Authors Tsai N, Jeffers, Cragin, Sorensen, Su, Rosenblatt, Tang, Hebden, Juday T

Received 14 March 2012

Accepted for publication 19 June 2012

Published 23 August 2012 Volume 2012:4 Pages 227—235

DOI https://doi.org/10.2147/CEOR.S31784

Review by Single anonymous peer review

Peer reviewer comments 2



Naoky Tsai,1 Lennox Jeffers,2 Lael Cragin,3 Sonja Sorensen,3 Wenqing Su,3 Lisa Rosenblatt,4 Hong Tang,4 Tony Hebden,4 Timothy Juday4

1John A Burns School of Medicine, University of Hawaii, Honolulu, HI, USA; 2University of Miami School of Medicine, Miami, FL, USA; 3United BioSource Corporation, Bethesda, MD, USA; 4Bristol-Myers Squibb Company, Plainsboro, NJ, USA

Background: Decompensated cirrhosis is a serious clinical complication of chronic hepatitis B (CHB) that places a large economic burden on the US health care system.
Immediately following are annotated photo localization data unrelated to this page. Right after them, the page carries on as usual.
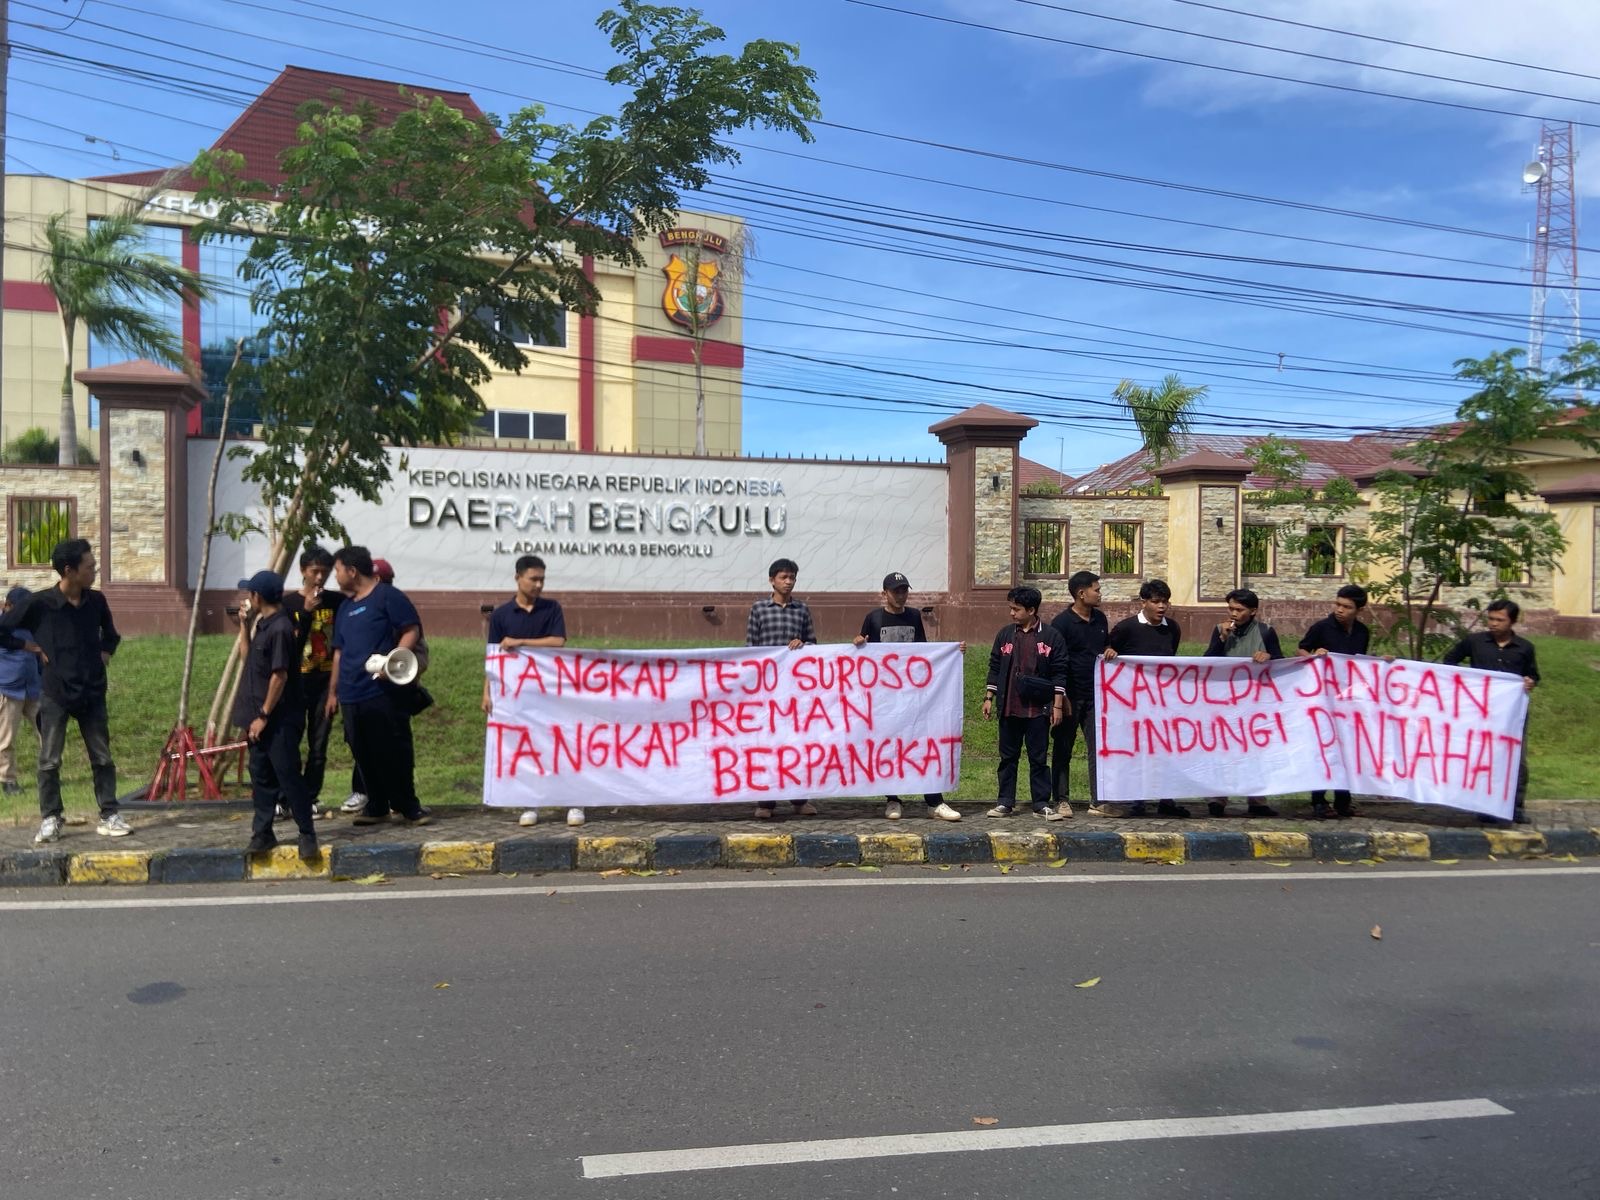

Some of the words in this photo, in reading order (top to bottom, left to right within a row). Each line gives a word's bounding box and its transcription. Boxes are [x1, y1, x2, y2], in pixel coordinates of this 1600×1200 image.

[409, 469, 520, 488] KEPOLISIAN
[526, 473, 601, 490] NEGARA
[605, 475, 690, 493] REPUBLIK
[695, 479, 785, 497] INDONESIA
[408, 496, 576, 531] DAERAH
[588, 501, 787, 537] BENGKULU
[493, 541, 512, 555] JL.
[515, 541, 555, 556] ADAM
[559, 542, 601, 556] MALIK
[640, 544, 714, 558] BENGKULU
[486, 652, 679, 702] TANGKAP
[687, 658, 779, 698] TEJO
[791, 653, 934, 694] SUROSO
[1100, 660, 1284, 713] KAPOLDA
[1294, 656, 1492, 719] JANGAN
[487, 721, 691, 778] TANGKAP
[691, 691, 877, 739] PREMAN
[1098, 711, 1289, 758] LINDUNGI
[712, 735, 963, 797] BERPANGKAT
Although entecavir has been shown to improve health outcomes in a cost-effective manner in mixed populations of CHB patients, the cost-effectiveness of entecavir has not been evaluated in CHB patients with decompensated cirrhosis.
Methods: This study assessed the cost-effectiveness of entecavir versus adefovir, from a US payer perspective, in CHB patients with decompensated cirrhosis, using a health-state transition Markov model with four health states: hepatocellular carcinoma (HCC), HCC-free survival, post-liver transplant, and death. The model considered a hypothetical patient population similar to that included in a randomized controlled trial in the target population (ETV-048): predominantly male (74%), Asian (54%), mean age 52 years, hepatic decompensation (Child–Pugh score ≥ seven), hepatitis B e antigen-positive or -negative, treatment-naïve or lamivudine-experienced, and no liver transplant history. Clinical inputs were based on cumulative safety results for ETV-048 and published literature. Costs were obtained from published literature. Costs and outcomes were discounted at 3% per annum.
Results: For 1000 patients over a 3-year time horizon, predicted overall survival and HCC-free survival were longer with entecavir than with adefovir (2.35 versus 2.30 years and 2.11 versus 2.03 years, respectively). Predicted total health care costs were $889 lower with entecavir than with adefovir ($91,878 versus $92,768). For incremental cost/life-year gained and incremental cost/HCC-free-year gained, entecavir was less costly and more effective than adefovir. Sensitivity analyses found the results to be robust to plausible variations in health-state costs and discount rate.
Conclusion: This analysis suggests that entecavir improves survival outcomes in a cost-saving manner compared with adefovir in CHB patients with hepatic decompensation.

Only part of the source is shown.